—Eres un ciego y un necio, como todos los de allí arriba —respondió el doctor, airado—, pero por lo menos dices lo que piensas.
—Y así comienza una hermosa amistad —silbó Manni, vertiendo otra taza de té por su cañería digestiva—. Y ahora el paciente debería reposar, y pronto estará como nuevo para ir a perseguir sus propias teorías conspiratorias.
Las siguientes cuarenta y ocho horas las pasó Godorik en compañía de Manx y el estrambótico doctor Agarandino. No es que Manni fuese menos raro que el doctor; al contrario, ambos eran estrafalarios a más no poder; pero en un robot Godorik estaba más predispuesto a disculpar alguna excentricidad que en un humano. (Si Manni se hubiese enterado de esto, habría habido problemas, sin duda.) Tras dormir otro rato, Godorik fue capaz de levantarse, y probó sus nuevas (y superiores) partes mecánicas andando un poco por la habitación.
—Es tan extraño —comentó, una vez hubo conseguido que le respondieran competentemente—. Es como si hicieran lo quieren, pero a la vez también hicieran lo que yo quiero.
—En cuanto te acostumbres verás —dijo Manni—. No comprenderás por qué los humanos prefieren conservar sus partes biológicas.

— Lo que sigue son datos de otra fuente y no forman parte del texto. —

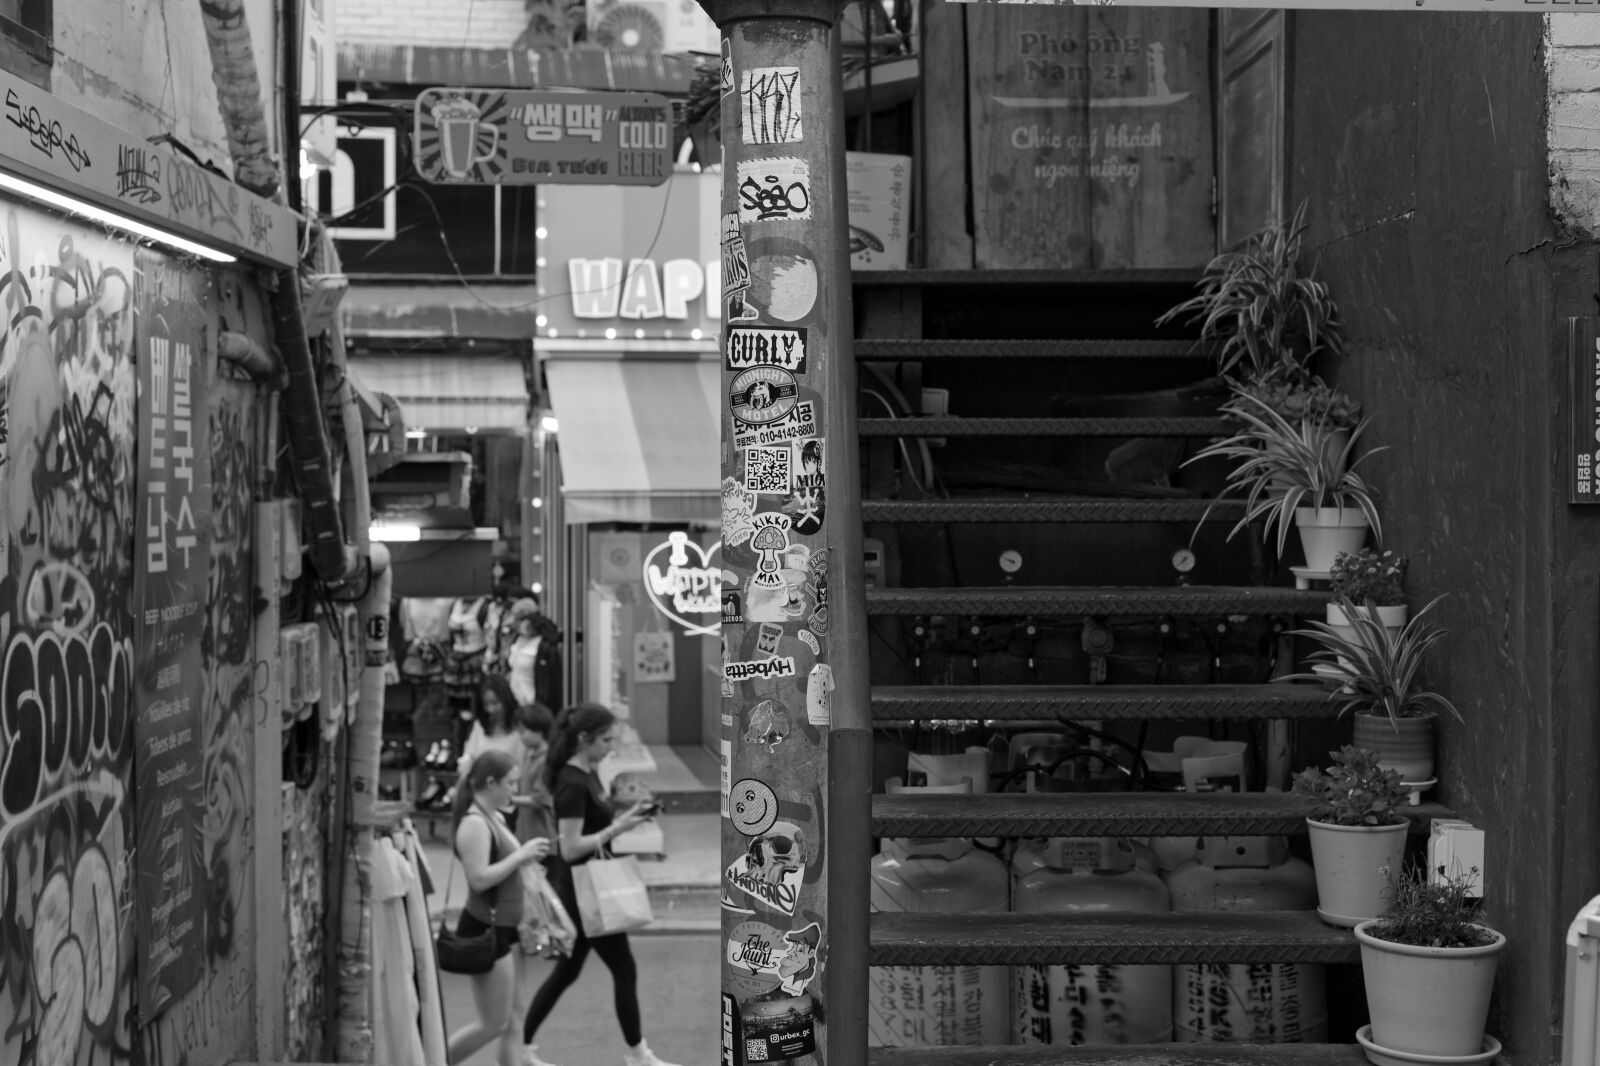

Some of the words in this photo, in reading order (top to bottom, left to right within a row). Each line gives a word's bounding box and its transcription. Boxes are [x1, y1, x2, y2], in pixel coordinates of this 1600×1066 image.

[619, 106, 666, 122] ALWAYS
[619, 121, 667, 149] COLD
[1105, 122, 1162, 148] khách
[619, 151, 664, 177] BEER
[1034, 163, 1079, 188] ngon
[568, 257, 721, 320] WAP
[731, 331, 797, 366] CURLY
[735, 368, 788, 391] MIDNIGHT
[741, 403, 788, 421] MOTEL
[760, 422, 815, 444] 010-4142-8800
[1577, 453, 1590, 494] 영업중
[752, 514, 789, 531] KIKKO
[756, 571, 780, 584] MAI
[145, 608, 159, 625] BEEF
[725, 656, 792, 678] Hybetta
[747, 933, 770, 952] The
[732, 942, 773, 967] Jaunt

—Hum, creo que comprendo muy bien por qué los humanos prefieren conservar sus partes biológicas —contestó Godorik, trastabillando.
—¡Ja! —se rió Manx—. Prueba a saltar hasta la lámpara.
—¿Qué dices? —dijo Godorik—. Está demasiado alta.
—Prueba —insistió el robot.
Aunque escéptico, Godorik echó una mirada a la lámpara que colgaba del techo, y dio un salto, tratando de alcanzarla. Para su sorpresa, no sólo la alcanzó, sino que se pasó de la raya y se dio con la cabeza contra el techo.
—¡Au! —exclamó.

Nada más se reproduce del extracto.